Has anyone added the White Noise balanced IO cards to their gear with any success?

http://www.wnaudio.com/balio.html

My Audiolab 8000Q has the cutouts for the XLR connectors, and my Odyssey Stratos has XLRs on it already, though they are not balanced.

guest2521

  • Guest
Yes
« Reply #1 on: 21 Mar 2005, 11:07 am »
I am using them as the basis for my volume control unit. I have a WNA switch box feeding a SE to balanced converter pair, then a balanced stepped attenuator followed by three pairs of balanced output modules to drive my tri-amped Bryston arrangement. This is pretty minimal with no gain - essentially a passive with incidental buffering provided by the balanced modules on either side thereby providing (hopefully) the best of active and passive approach.

Nick.

Xyrium

  • Jr. Member
  • Posts: 18
Balanced I/O modules
« Reply #2 on: 24 Mar 2005, 08:35 pm »
Interesting. That should be a solid design. A hybrid passive/active, though seemingly more passive and thus the low noise benefits.

guest2521

  • Guest
Balanced
« Reply #3 on: 24 Mar 2005, 08:54 pm »
I think so:

None of the drawbacks of passive mode and almost all of the advantages. The only disadvanatge being the slight signal degradation through the balanced modules, which is more than offset by the performance gain of operating the brystons in balanced mode rather than single ended (plus I could never triamp passively - three power amp inputs each accross 3m of cable! given the brystons input charateristics the cables could be a max of 20cm long!). the triamped mb2s sounds massivley better than monoblocked mb2s so well worth while.

Nick

Ian M

  • Jr. Member
  • Posts: 3
Re: Balanced stepped attenuator
« Reply #4 on: 19 Apr 2005, 08:47 pm »
then a balanced stepped attenuator followed by three pairs of balanced output modules
Nick.[/quote]

Hello,

Can you explain what a balanced stepped attenuator is (ie how it differs from an unbalanced one) ?

I cant visualise it !

Ian

guest2521

  • Guest
attenuators
« Reply #5 on: 19 Apr 2005, 10:28 pm »
Hi,

It keeps the hot and cold signal paths seperate, just as left and right channels are usually kept seperate.

Nick.

Ian M

  • Jr.
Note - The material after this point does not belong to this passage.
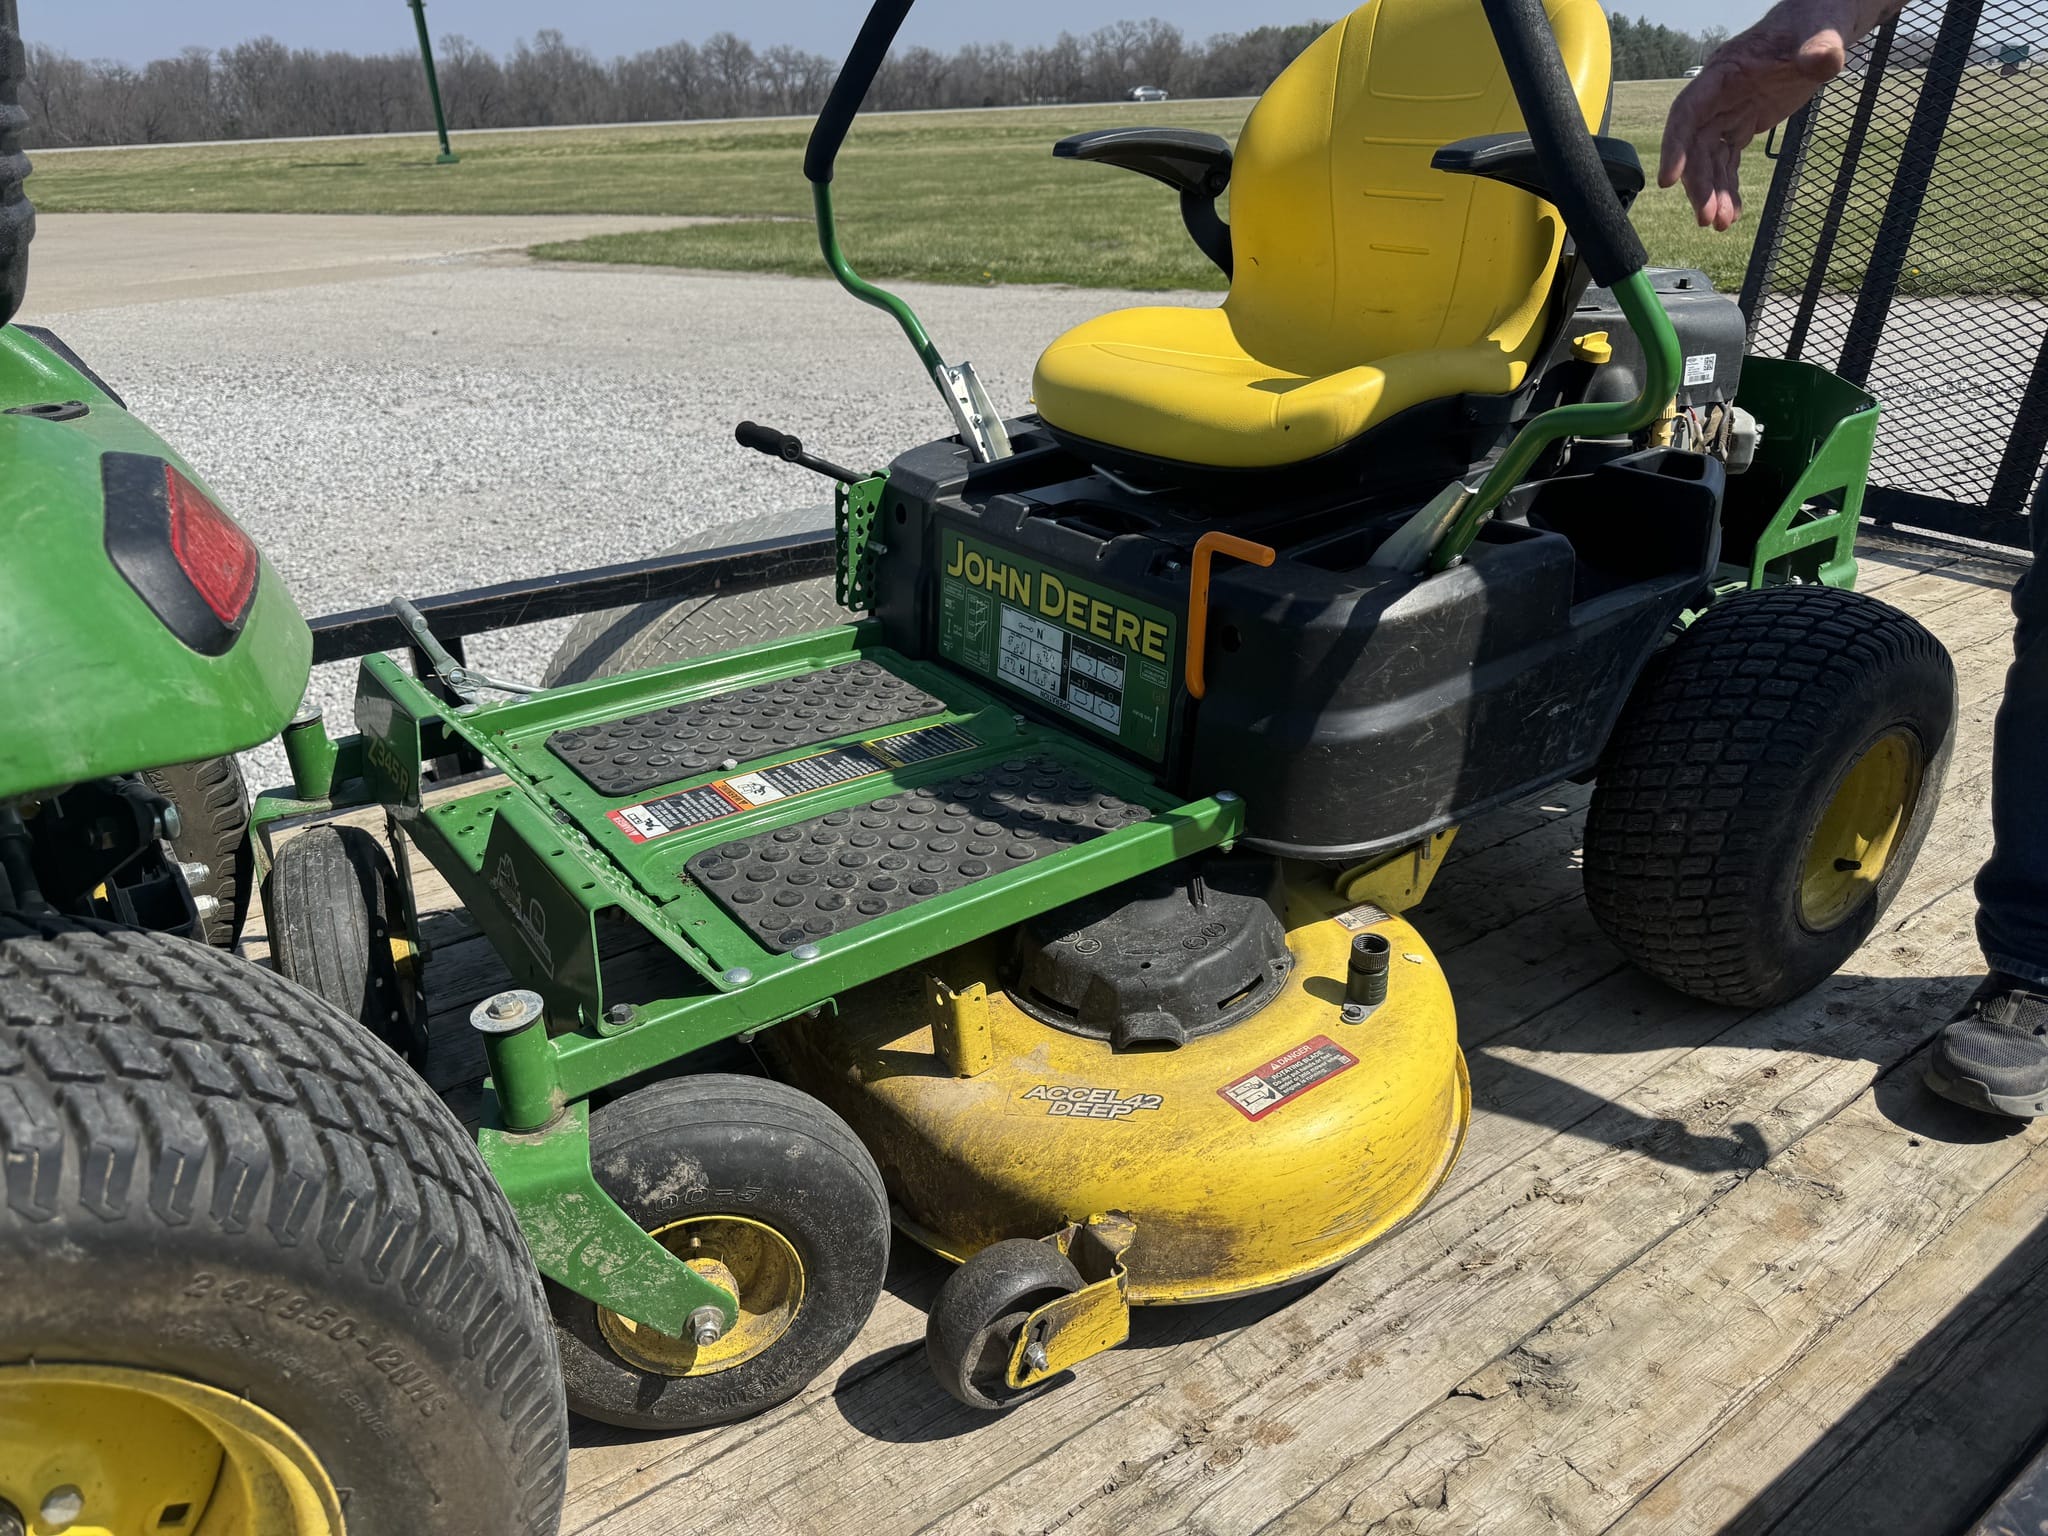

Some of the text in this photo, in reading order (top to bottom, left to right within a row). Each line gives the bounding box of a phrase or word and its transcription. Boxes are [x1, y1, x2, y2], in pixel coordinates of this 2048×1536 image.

Member
  • Posts: 3
Stepped attenuator
« Reply #6 on: 20 Apr 2005, 05:28 pm »
OK, bear with me, I'm getting there !
So does that mean two attenuators for each channel ? If so are they all on one spindle or do you have a control knob for each channel ?

guest2521

  • Guest
attenuators
« Reply #7 on: 20 Apr 2005, 05:49 pm »
all on one spindle.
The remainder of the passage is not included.